→ Task requirements
Set down every record below exactly as written.

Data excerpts
----

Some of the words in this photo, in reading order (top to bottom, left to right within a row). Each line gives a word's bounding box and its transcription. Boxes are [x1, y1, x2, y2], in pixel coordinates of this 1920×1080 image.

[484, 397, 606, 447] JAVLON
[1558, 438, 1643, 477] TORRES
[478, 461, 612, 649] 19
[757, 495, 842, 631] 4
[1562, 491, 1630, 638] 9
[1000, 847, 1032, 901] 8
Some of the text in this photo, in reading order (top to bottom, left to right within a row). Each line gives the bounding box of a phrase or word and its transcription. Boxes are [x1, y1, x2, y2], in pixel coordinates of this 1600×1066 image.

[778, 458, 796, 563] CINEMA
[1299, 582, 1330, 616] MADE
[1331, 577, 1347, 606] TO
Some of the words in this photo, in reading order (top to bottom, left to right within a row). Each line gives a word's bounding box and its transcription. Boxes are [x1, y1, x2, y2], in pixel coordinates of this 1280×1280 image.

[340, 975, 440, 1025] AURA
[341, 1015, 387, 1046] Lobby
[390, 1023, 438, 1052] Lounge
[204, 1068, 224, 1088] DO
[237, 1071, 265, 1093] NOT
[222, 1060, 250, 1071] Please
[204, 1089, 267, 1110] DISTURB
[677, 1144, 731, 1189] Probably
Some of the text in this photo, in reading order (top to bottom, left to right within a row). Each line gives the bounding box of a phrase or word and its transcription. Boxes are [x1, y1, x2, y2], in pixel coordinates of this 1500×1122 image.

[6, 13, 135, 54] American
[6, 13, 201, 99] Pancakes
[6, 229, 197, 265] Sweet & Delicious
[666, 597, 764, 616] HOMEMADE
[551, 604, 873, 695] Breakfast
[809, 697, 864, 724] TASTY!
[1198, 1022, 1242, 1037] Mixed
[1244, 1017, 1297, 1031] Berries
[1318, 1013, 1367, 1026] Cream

----

→ Response for this exercise
Some of the words in this photo, in reading order (top to bottom, left to right within a row). Each line gives a word's bounding box and its transcription. Boxes are [x1, y1, x2, y2], in pixel coordinates of this 1920×1080 image.

[484, 397, 606, 447] JAVLON
[1558, 438, 1643, 477] TORRES
[478, 461, 612, 649] 19
[757, 495, 842, 631] 4
[1562, 491, 1630, 638] 9
[1000, 847, 1032, 901] 8
Some of the text in this photo, in reading order (top to bottom, left to right within a row). Each line gives the bounding box of a phrase or word and its transcription. Boxes are [x1, y1, x2, y2], in pixel coordinates of this 1600×1066 image.

[778, 458, 796, 563] CINEMA
[1299, 582, 1330, 616] MADE
[1331, 577, 1347, 606] TO
Some of the words in this photo, in reading order (top to bottom, left to right within a row). Each line gives a word's bounding box and its transcription. Boxes are [x1, y1, x2, y2], in pixel coordinates of this 1280×1280 image.

[340, 975, 440, 1025] AURA
[341, 1015, 387, 1046] Lobby
[390, 1023, 438, 1052] Lounge
[204, 1068, 224, 1088] DO
[237, 1071, 265, 1093] NOT
[222, 1060, 250, 1071] Please
[204, 1089, 267, 1110] DISTURB
[677, 1144, 731, 1189] Probably
Some of the text in this photo, in reading order (top to bottom, left to right within a row). Each line gives the bounding box of a phrase or word and its transcription. Boxes are [x1, y1, x2, y2], in pixel coordinates of this 1500×1122 image.

[6, 13, 135, 54] American
[6, 13, 201, 99] Pancakes
[6, 229, 197, 265] Sweet & Delicious
[666, 597, 764, 616] HOMEMADE
[551, 604, 873, 695] Breakfast
[809, 697, 864, 724] TASTY!
[1198, 1022, 1242, 1037] Mixed
[1244, 1017, 1297, 1031] Berries
[1318, 1013, 1367, 1026] Cream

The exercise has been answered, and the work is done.